11) The photoelectronic transfer exposure apparatus according to claim 1, comprising: 12. A photoelectron transfer mask (2) arranged facing the light source and patterned with a photoelectron emitting part and a non-photoelectron emitting part made of a photoelectron emitting material, and passing through the photoelectrons emitted from the photoelectron transfer mask.

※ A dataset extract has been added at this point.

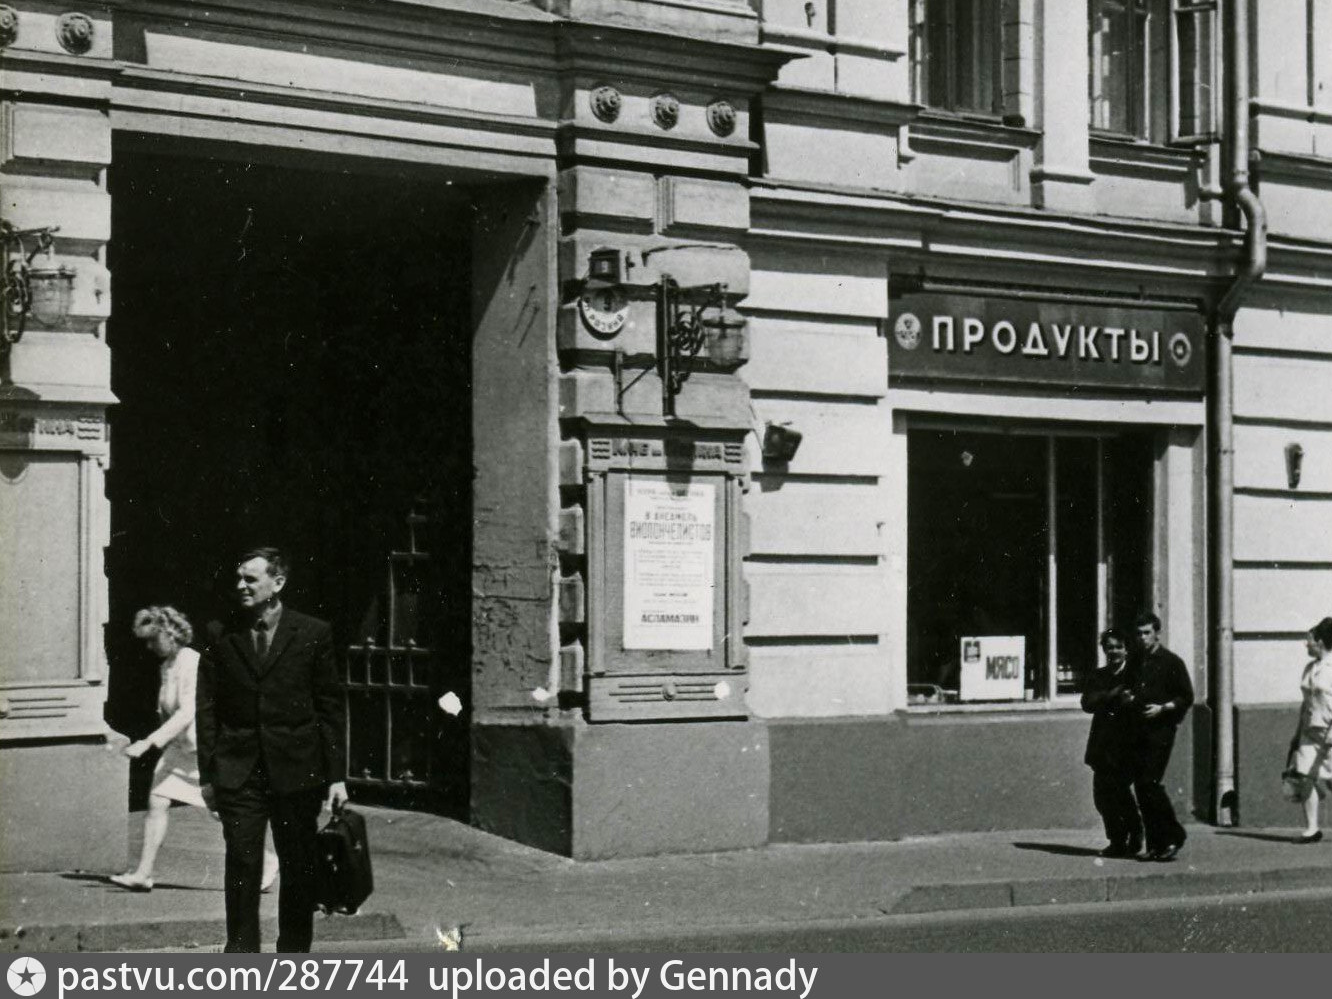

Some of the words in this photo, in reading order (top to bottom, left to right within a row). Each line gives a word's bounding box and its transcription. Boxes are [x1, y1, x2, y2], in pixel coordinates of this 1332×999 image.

[932, 315, 1160, 362] ПРОДУКТЫ
[630, 521, 712, 541] ВИОЛОНЧЕЛИСТОВ
[985, 655, 1020, 680] МЯСО

An electric field is generated between the electrode plate (8) having a line-shaped opening (8a) to accelerate the photoelectrons, and the photoelectrons passing through the opening of the electrode plate are transferred to the stage (3).
A photoelectronic transfer exposure method in which an image is formed on the upper object (31). 13. The photoelectron transfer exposure method according to claim 12, further comprising: moving the photoelectron transfer mask and the stage at a constant relative speed with respect to the electrode plate. 14. Further, detecting the position of the photoelectronic transfer mask, detecting the position of the stage, calculating a relative positional error between the position of the stage and the position of the photoelectronic transfer mask, and determining the position according to the relative positional error. 14. The photoelectron transfer exposure method according to claim 13, wherein the photoelectron position imaged on the object on the stage is corrected by using the photoelectron transfer exposure method. 15. The photoelectron transfer exposure method according to claim 12, further comprising forming an image of photoelectrons emitted from the photoelectron transfer mask onto the electrode plate. 16. The photoelectron transfer exposure method according to claim 12, further comprising aligning the photoelectron transfer mask and the stage in accordance with the output of a backscattered electron detector connected to the electrode plate.